Comparative Example 4 (1) Preparation of Treated Product of Crosslinked Polymer Fine Particles The procedure was the same as in Example 1 (1). (2) Preparation of Biaxially Stretched Film Stirring was carried out with respect to 100 parts by weight of a resin composition consisting of 90% by weight of a polypropylene powder having a melt flow rate of 2.3 g / 10 minutes and 10% by weight of a treated product of the crosslinked polymer fine particles of (1). 0.1 parts by weight of calcium phosphate, BHT
(2,6-ditert-butylhydroxytoluene)
0.2 parts by weight and Irganox manufactured by Ciba Geigy
After adding 0.0510 parts by weight of 1010 and mixing with a Henshall mixer, the mixture was granulated with a 45 mm twin screw extruder and pelletized. 1. Obtained pellets and melt flow rate
100 parts by weight of 3 g / 10 min polypropylene powder,
0.1 parts by weight of calcium stearate, BHT (2,6
-Ditertiary butyl hydroxytoluene) 0.2 parts by weight, Irganox 10100 0.1% by Ciba-Geigy.
Crosslinked polymer microparticles obtained by mixing a polyoxyethylene alkylamine fatty acid ester as an antistatic agent and a polypropylene pellet obtained by mixing the mixture with a Henschel mixer and granulating the mixture with a 65 mm extruder using a ribbon mixer. The concentration of the processed material is polypropylene 10
The mixture was melt-extruded from a T-die, quenched by a chill roll to obtain a film, and the obtained film was vertically stretched by a tenter-type biaxial stretching machine to 140 parts by weight. 5 times at ℃, 9 at 155 ° C in the horizontal direction
After stretching twice to obtain a stretched film having a thickness of 20 μm,
One side was corona treated. Table 1 shows the evaluation results of the obtained films. Since the resin composition was out of the range of the present invention, the haze was worse and the falling-out resistance was worse than in the examples.

[0029]

[Table 1]

[0030]

The polyolefin resin composition of the present invention gives a stretched film having excellent transparency, slipperiness, scratch resistance, blocking resistance, and shedding resistance.

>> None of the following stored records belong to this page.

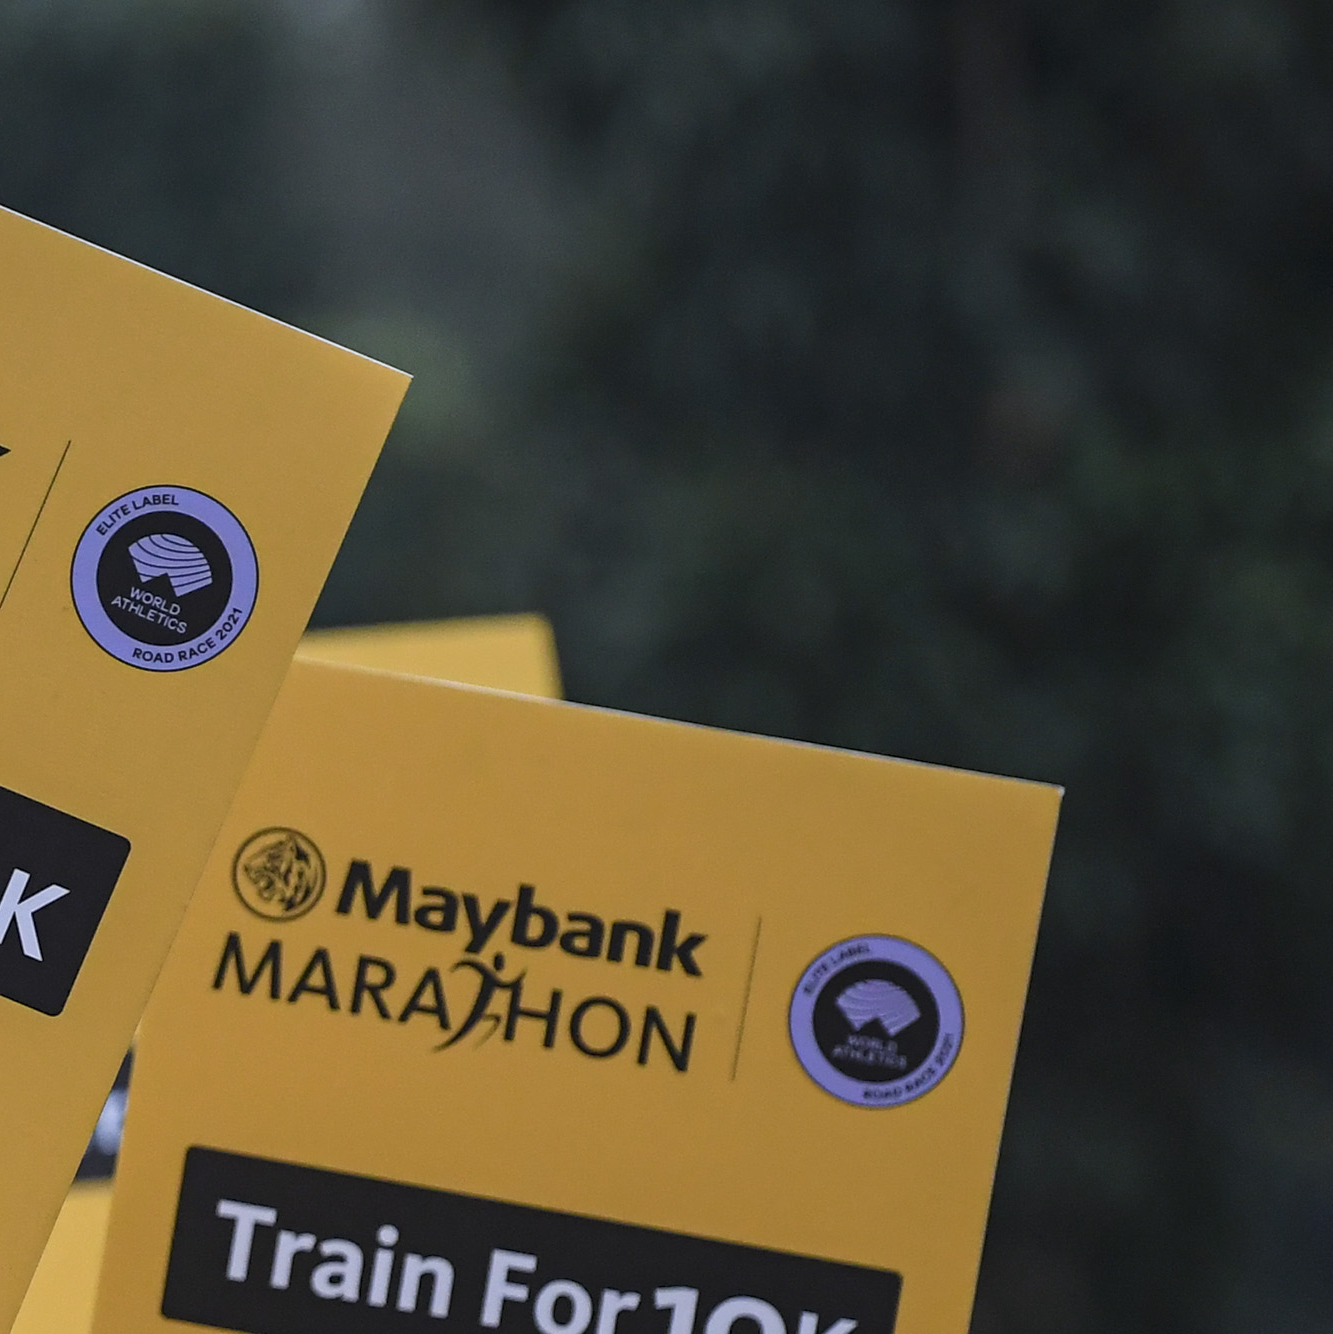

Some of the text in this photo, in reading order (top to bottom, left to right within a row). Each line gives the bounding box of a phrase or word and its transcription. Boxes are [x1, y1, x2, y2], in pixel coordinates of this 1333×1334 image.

[96, 494, 179, 536] ELITE LABEL
[111, 596, 187, 634] ATHLETICS
[130, 587, 181, 616] WORLD
[132, 607, 243, 663] ROAD RACE 2021
[336, 860, 708, 978] Maybank
[212, 932, 696, 1074] MARATHON
[215, 1199, 456, 1320] Train

Further, the stretched film according to the present invention is excellent in operability due to its excellent slipperiness, blocking resistance, and shedding resistance, and furthermore, due to its excellent transparency, it is suitable for a wide range of uses such as food packaging and fiber packaging. .

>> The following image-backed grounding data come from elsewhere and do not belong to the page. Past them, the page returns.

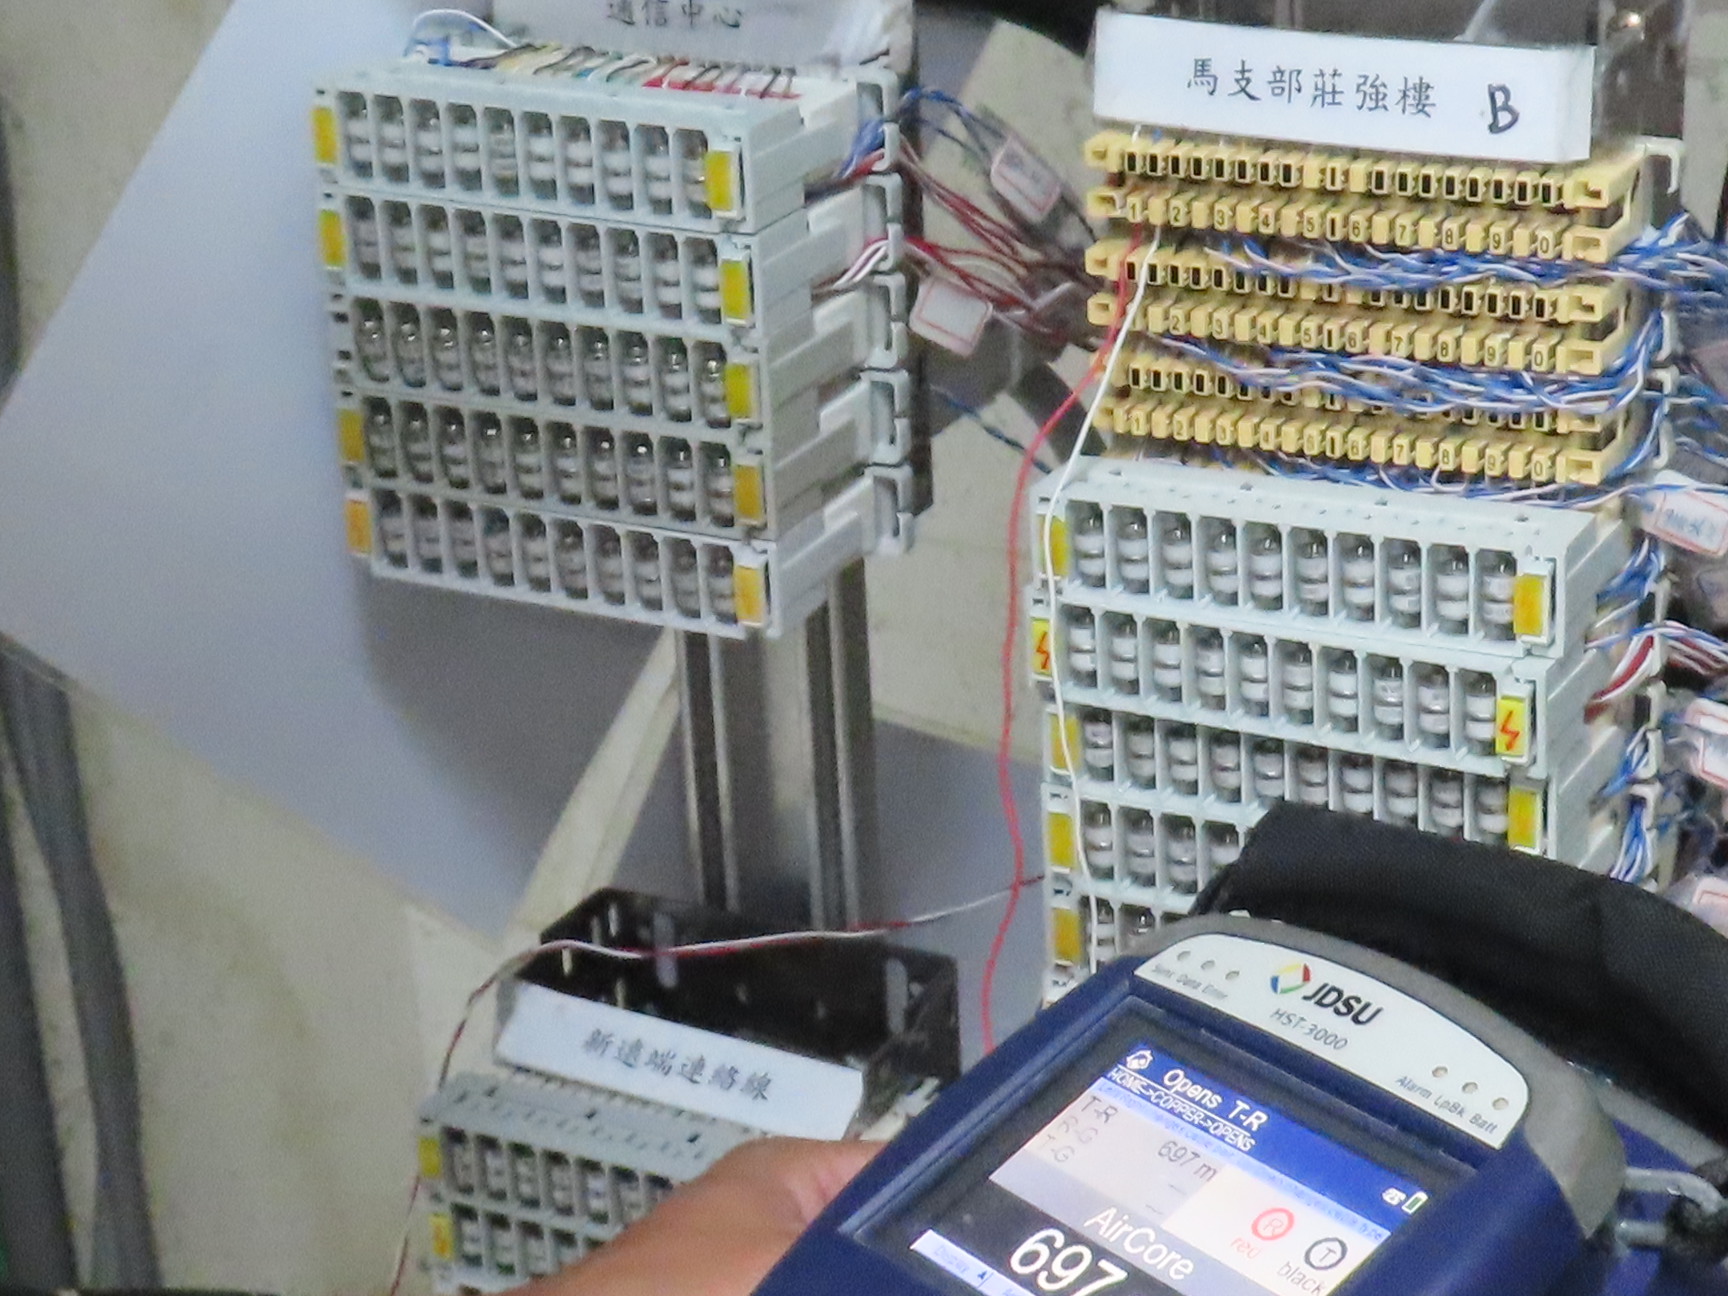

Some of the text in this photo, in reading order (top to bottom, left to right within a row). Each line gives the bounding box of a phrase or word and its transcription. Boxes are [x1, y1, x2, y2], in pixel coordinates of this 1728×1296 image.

[1186, 57, 1520, 134] 馬支部莊強樓 B
[1270, 1007, 1349, 1051] HST-3000
[1302, 982, 1384, 1025] JDSU
[1106, 1066, 1256, 1152] HOME->COPPER->OPENS
[1162, 1068, 1222, 1109] Opens
[1227, 1099, 1269, 1132] T-R
[1395, 1075, 1498, 1134] Alarm LpBk Batt
[1080, 1095, 1119, 1124] T-R
[1158, 1140, 1201, 1167] 697
[1193, 1162, 1218, 1182] m
[1083, 1205, 1195, 1281] AirCore

──────────────────────────────────────────────────続 き Continued on the front page (51) Int.Cl. ⁶ Identification code FI C08L 101: 00)

Claims (4)

[Claims] 1. A polyolefin-based resin composition comprising the following components (1), (2) and (3). (1) 100 parts by weight of polyolefin resin (2) Crosslinked polymer fine particles having an ester group in the polymer chain, which are saponified, or further hydrolyzed, crosslinked polymer fine particles having a volume average particle diameter of 0.3 to 10 μm 0.05 to 1.0 part by weight of the treated product (3) The acid value specified by JIS K0070 is 1.0 to 1.0
0.01 to 5 parts by weight of an acid-modified polyolefin resin of 100 2. The polyolefin resin composition according to claim 1, wherein the polyolefin resin is a polypropylene resin. 3. A stretched polyolefin film obtained by stretching the polyolefin-based resin composition according to claim 1 in at least one axial direction. 4. The stretched polyolefin film according to claim 3, wherein the polyolefin resin is a polypropylene resin.